Charitable giving is the act of donating money, goods, or time to the less fortunate, either directly or through a charitable trust or another worthy cause. Charitable giving as a religious act or duty is referred to as almsgiving or alms. The name stems from the most obvious expression of the virtue of charity: providing recipients with the means they need to survive. The impoverished, particularly widows, orphans, the ailing, and the injured, are generally considered appropriate recipients of charity. People who cannot support themselves and lack external means of support sometimes become "beggars," directly seeking help from strangers in public.

Some groups believe that charity is best directed towards other members of their specific group. Although giving to those closely connected to oneself is sometimes considered charity, as in the saying "Charity begins at home", charity usually involves giving to those who are not related. Terms like filial piety describe supporting one's family and friends.

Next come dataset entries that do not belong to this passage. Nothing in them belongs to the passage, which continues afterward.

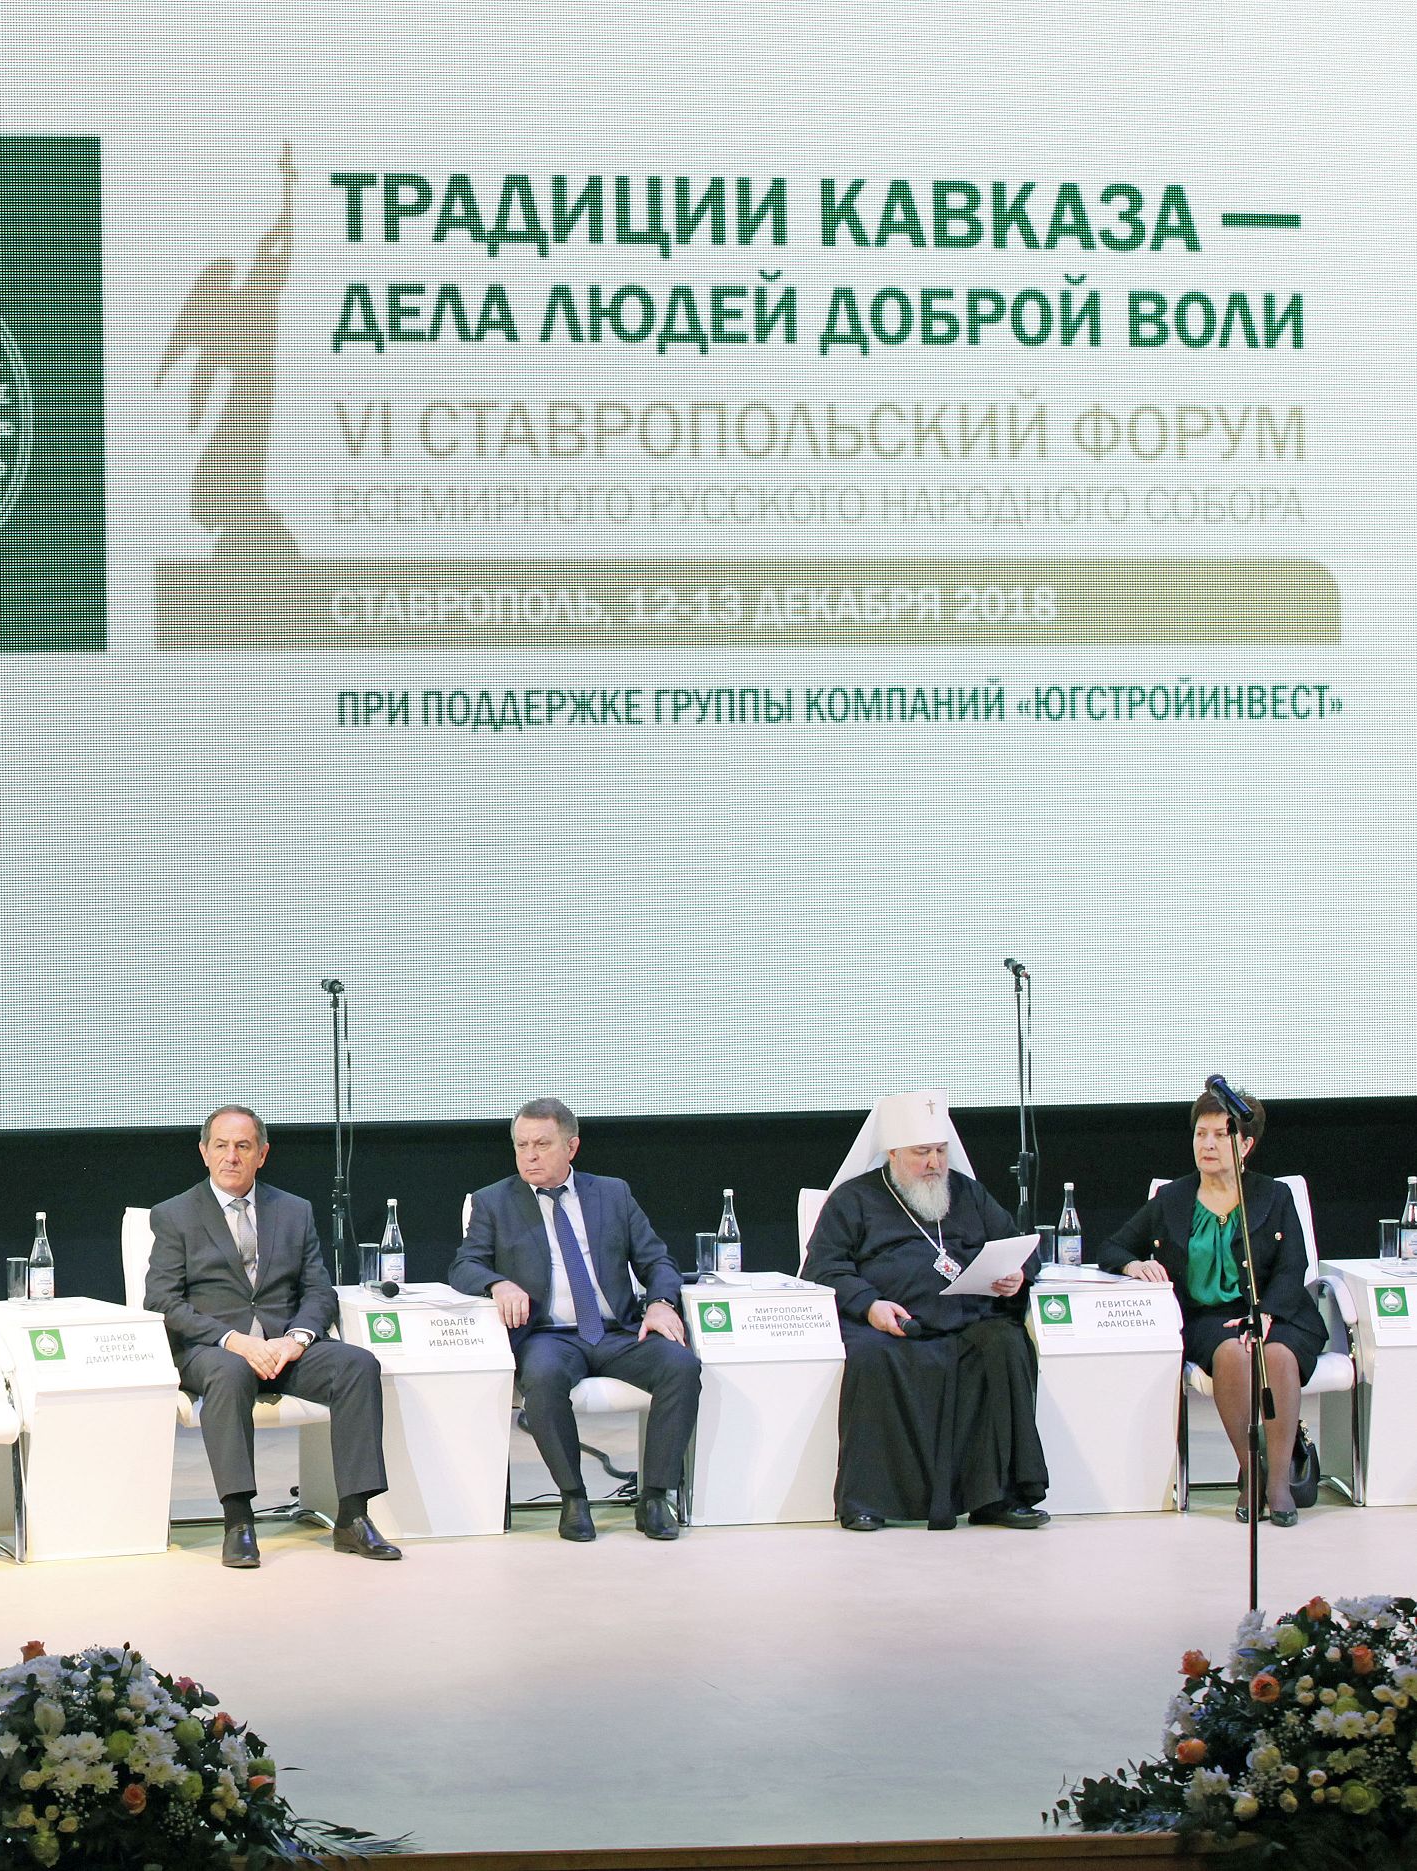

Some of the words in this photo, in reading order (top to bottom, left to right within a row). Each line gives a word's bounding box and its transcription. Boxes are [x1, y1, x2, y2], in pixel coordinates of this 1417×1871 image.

[330, 172, 788, 259] ТРАДИЦИИ
[820, 178, 1202, 253] КАВКАЗА
[332, 282, 519, 354] ДЕЛА
[539, 269, 798, 355] ЛЮДЕЙ
[819, 273, 1102, 357] ДОБРОЙ
[1128, 290, 1304, 350] ВОЛИ
[334, 400, 391, 459] VI
[418, 386, 1049, 461] СТАВРОПОЛЬСКИЙ
[1073, 402, 1306, 463] ФОРУМ
[332, 484, 636, 526] ВСЕМИРНОГО
[649, 484, 867, 526] РУССКОГО
[882, 484, 1132, 529] НАРОДНОГО
[1143, 484, 1306, 526] СОБОРА
[330, 586, 614, 630] СТАВРОПОЛЬ,
[625, 586, 743, 627] 12-13
[752, 585, 943, 630] ДЕКАБРЯ
[954, 585, 1059, 623] 2018
[336, 689, 411, 728] ПРИ
[421, 689, 644, 733] ПОДДЕРЖКЕ
[653, 687, 794, 726] ГРУППЫ
[805, 677, 1006, 724] КОМПАНИЙ
[1016, 676, 1344, 722] «ЮГСТРОЙИНВЕСТ»
[1094, 1299, 1152, 1309] ЛЕВИТСКАЯ
[755, 1306, 813, 1314] МИТРОПОЛИТ
[1107, 1309, 1143, 1318] АЛИНА
[430, 1317, 476, 1327] КОВАЛЁВ
[747, 1313, 823, 1323] СТАВРОПОЛЬСКИЙ
[1096, 1318, 1156, 1329] АФАКОЕВНА
[749, 1320, 831, 1331] НЕВИННОМЫССКИЙ
[441, 1328, 469, 1337] ИВАН
[770, 1330, 805, 1338] КИРИЛЛ
[93, 1333, 137, 1344] УШАКОВ
[429, 1338, 485, 1348] ИВАНОВИЧ
[99, 1343, 135, 1353] СЕРГЕЙ
[85, 1352, 155, 1365] ДМИТРИЕВИЧ
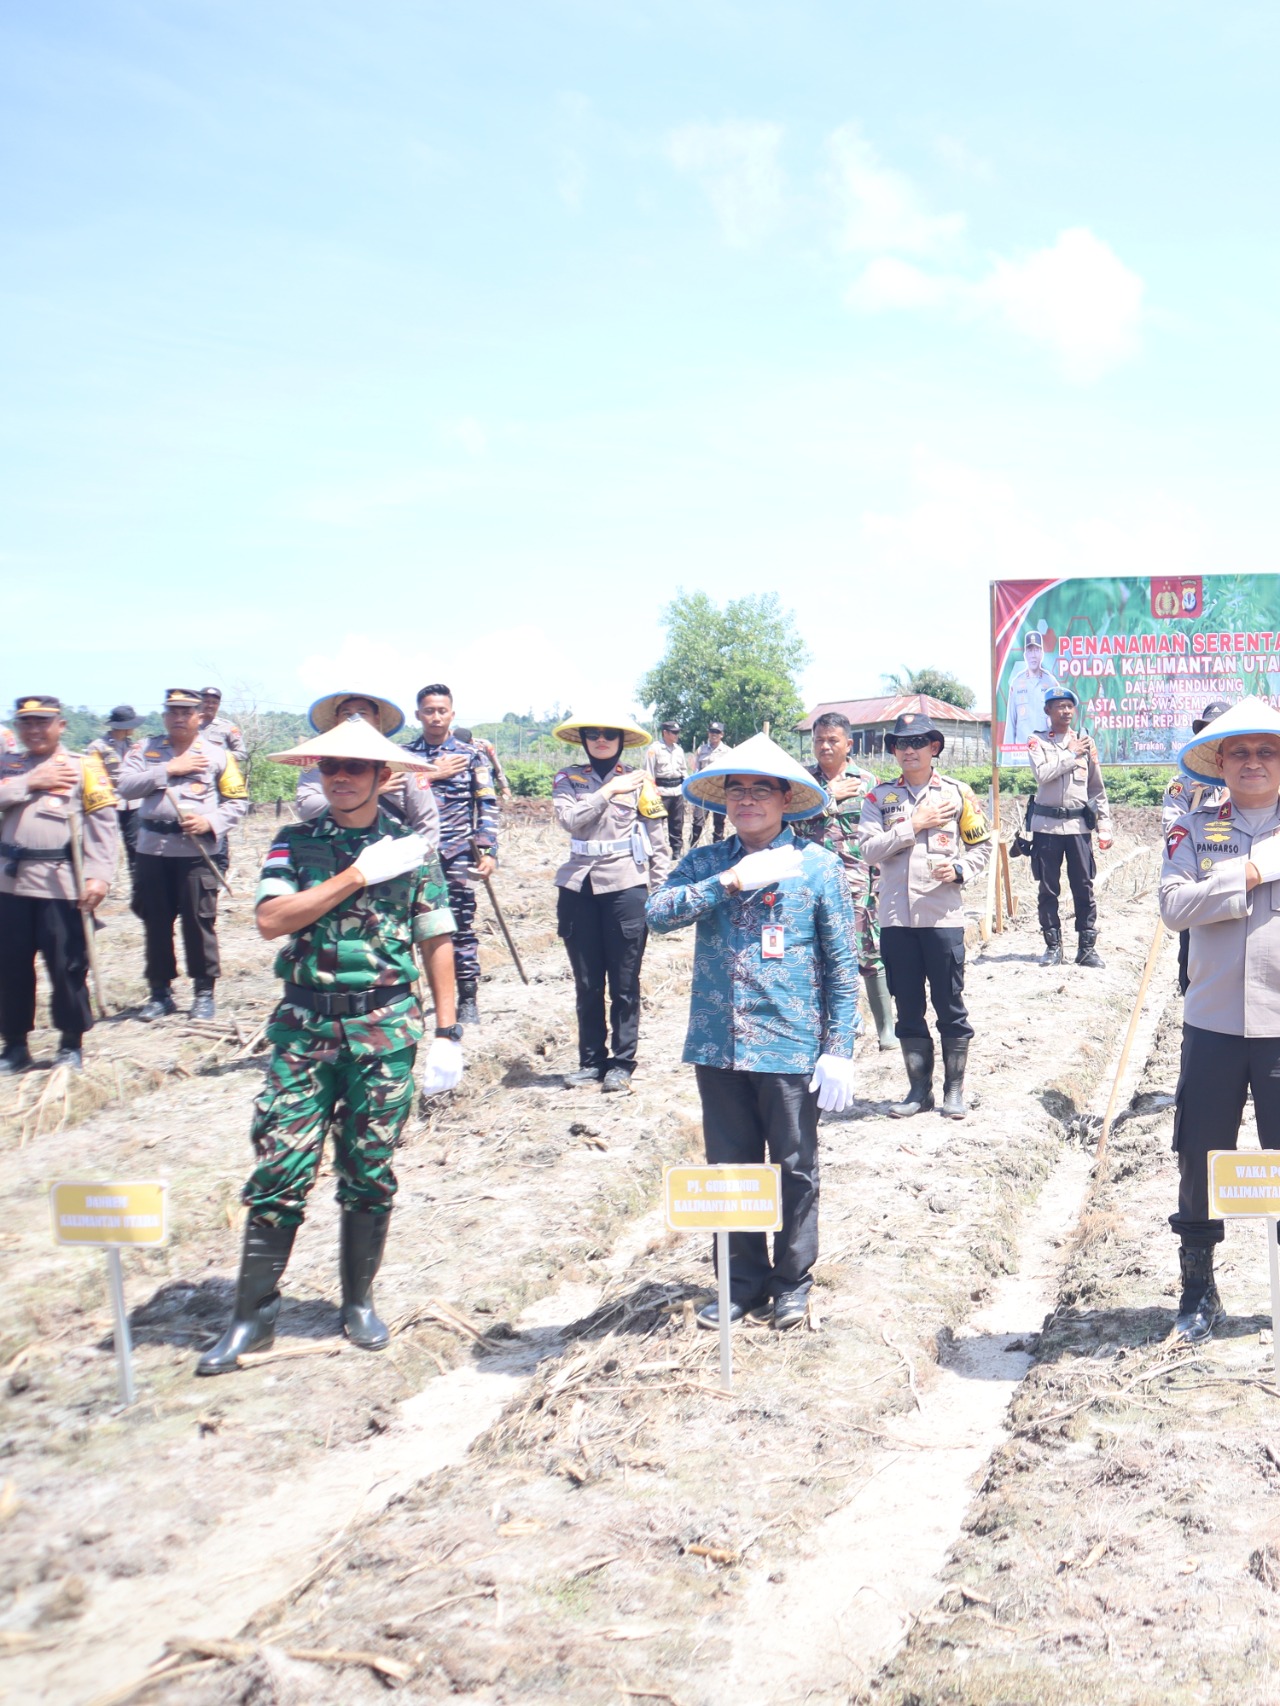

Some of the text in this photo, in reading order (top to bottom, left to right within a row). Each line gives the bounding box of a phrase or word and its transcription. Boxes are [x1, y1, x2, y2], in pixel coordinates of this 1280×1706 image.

[1059, 633, 1186, 656] PENANAMAN
[1058, 658, 1116, 676] POLDA
[1122, 655, 1237, 675] KALIMANTAN
[1125, 678, 1244, 694] DALAM MENDUKUNG
[1087, 698, 1117, 712] ASTA
[1120, 697, 1147, 712] CITA
[1094, 714, 1149, 729] PRESIDEN
[1134, 741, 1166, 751] Tarakan,
[1196, 843, 1239, 854] PANGARSO
[1235, 1165, 1267, 1178] WAKA
[674, 1199, 774, 1212] KALIMANTAN UTARA
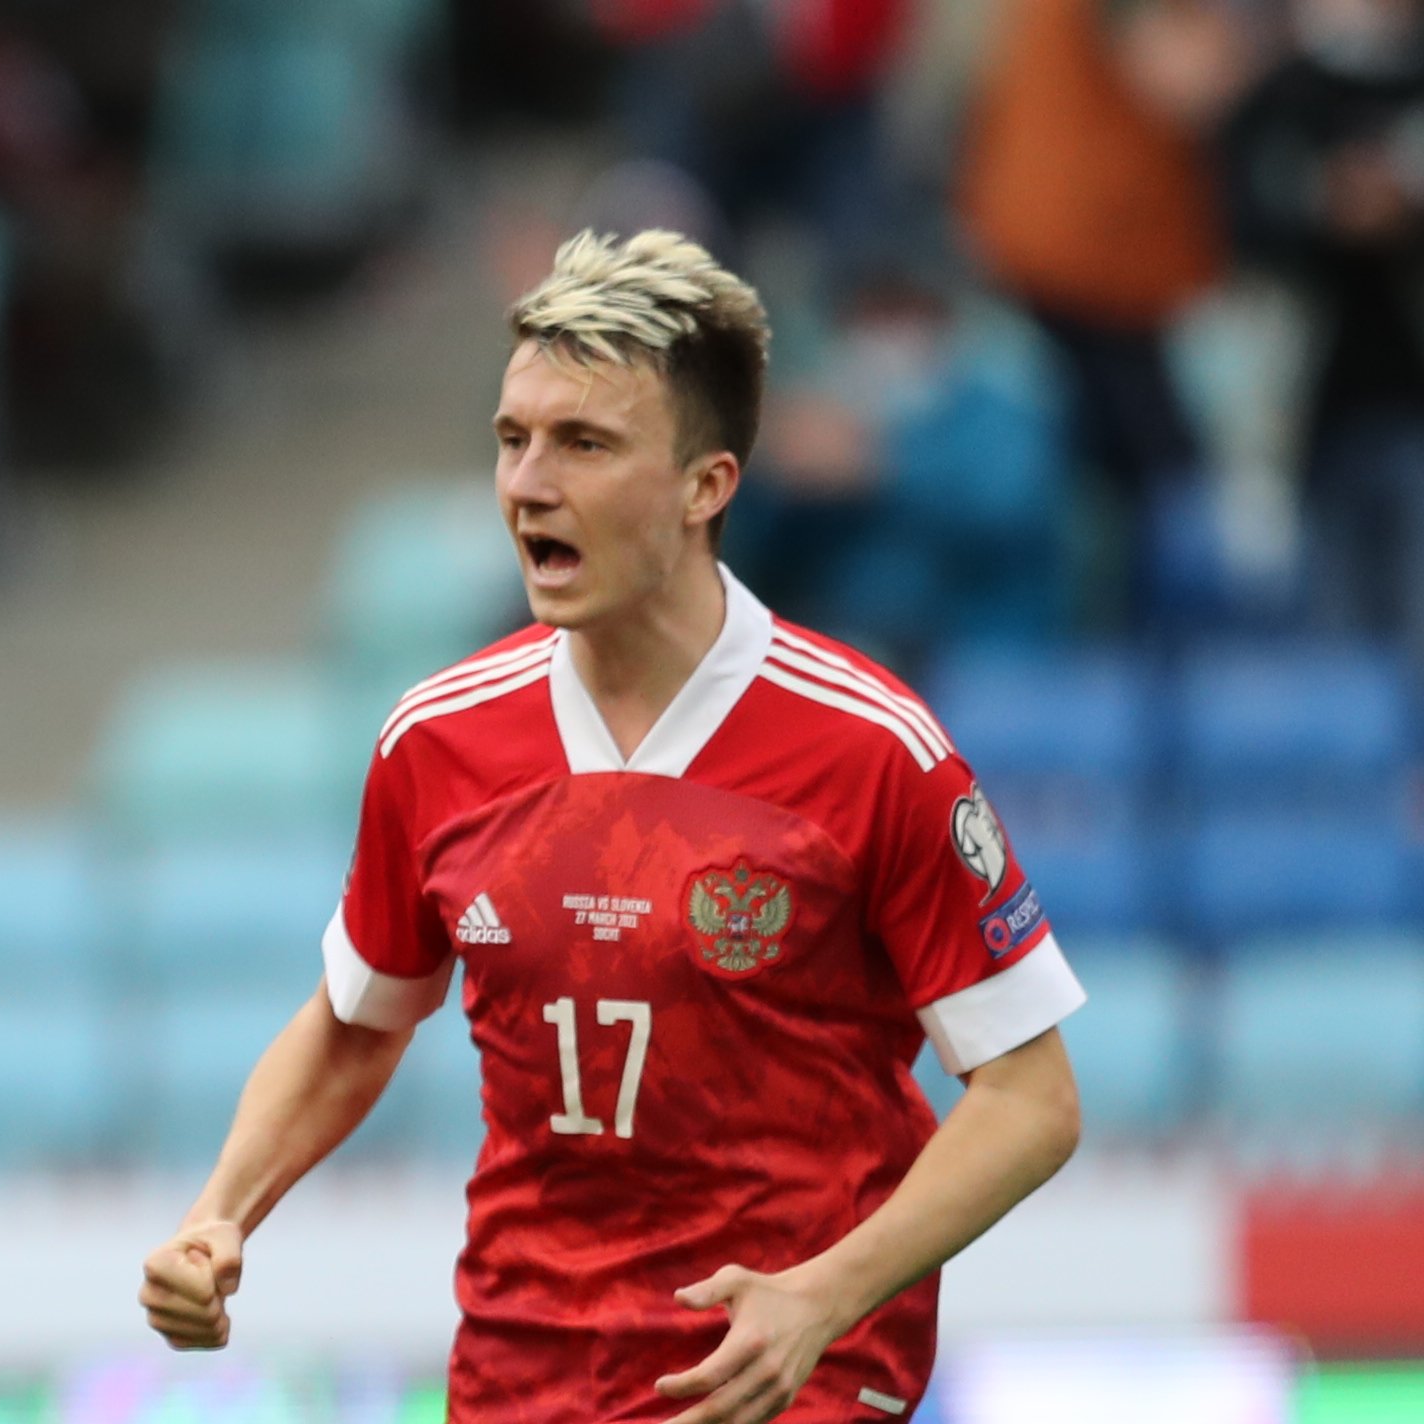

Treating relatives as strangers in need of charity has led to the phrase "as cold as charity": providing for one's relatives as if they were strangers, without affection. Behavioural psychology describes the feeling derived from the practice of charitable giving as having an impact on how much and how often people give. The "warm glow" of giving has been described as an intrinsic benefit received from charitable giving as first described by James Andreoni. Feelings derived from giving can be positive or negative for individuals.

Most forms of charity focus on providing basic necessities such as food, water, clothing, healthcare, and shelter. However, other actions can also be considered charitable: visiting the imprisoned or homebound, ransoming captives, educating orphans, and supporting social movements. Donations to causes that indirectly benefit the less fortunate, like funding cancer research, also fall under the category of charity.

Regarding religious aspects, recipients of charity may offer prayers for the benefactor. In medieval Europe, it was customary to provide meals to the poor at funerals in exchange for their prayers for the deceased. Institutions may honor benefactors by displaying their names or even naming buildings or the institution itself after them. When the recipient provides something of substantial value in return, the transaction is usually not labeled as charity.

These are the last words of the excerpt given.